YOUR INSTRUCTIONS:
Any images in the material are to be dropped while every line is retyped exactly.

PROVIDED RECORDS:

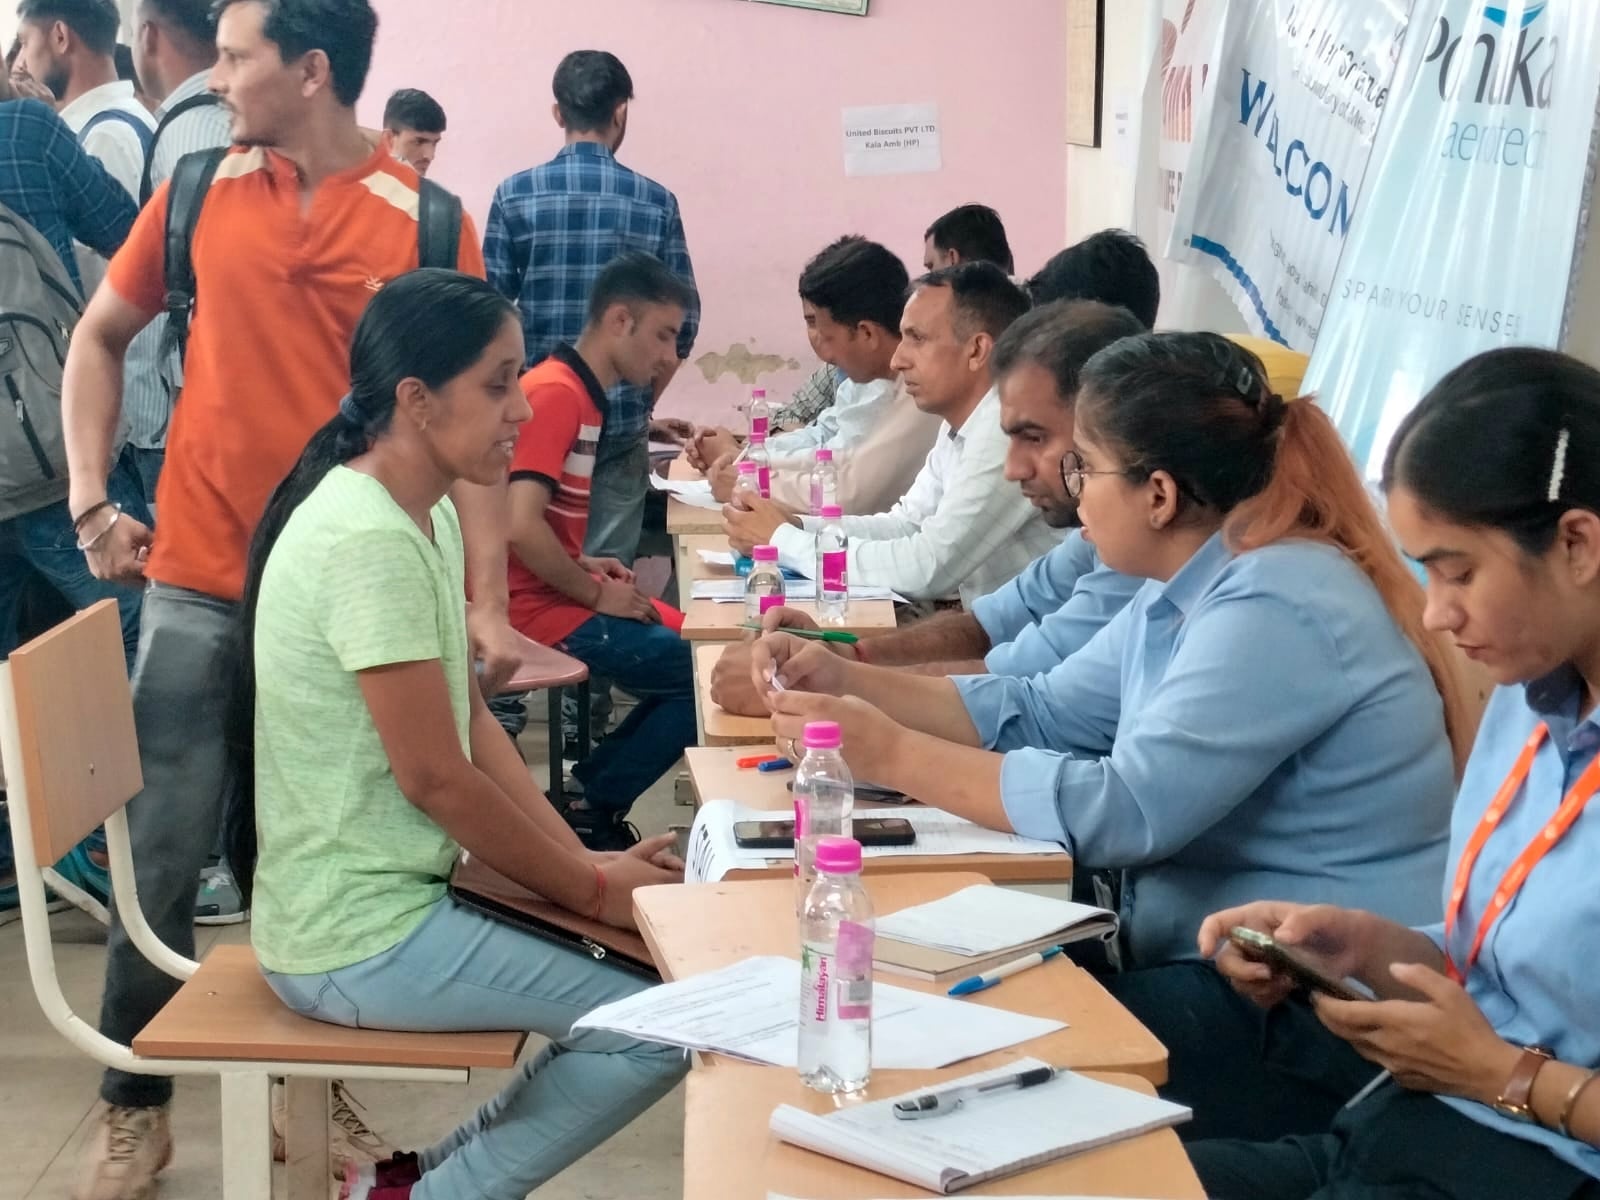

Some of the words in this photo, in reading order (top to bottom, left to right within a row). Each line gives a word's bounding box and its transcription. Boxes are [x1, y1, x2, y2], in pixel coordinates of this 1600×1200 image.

[846, 128, 872, 137] United
[873, 127, 902, 136] Biscuits
[904, 126, 918, 134] PVT
[920, 125, 935, 133] LTD
[903, 139, 920, 148] (HP)
[1400, 290, 1448, 320] YOUR
[815, 956, 829, 1021] Himalayan

WRITTEN REPLY:
Some of the words in this photo, in reading order (top to bottom, left to right within a row). Each line gives a word's bounding box and its transcription. Boxes are [x1, y1, x2, y2], in pixel coordinates of this 1600×1200 image.

[846, 128, 872, 137] United
[873, 127, 902, 136] Biscuits
[904, 126, 918, 134] PVT
[920, 125, 935, 133] LTD
[903, 139, 920, 148] (HP)
[1400, 290, 1448, 320] YOUR
[815, 956, 829, 1021] Himalayan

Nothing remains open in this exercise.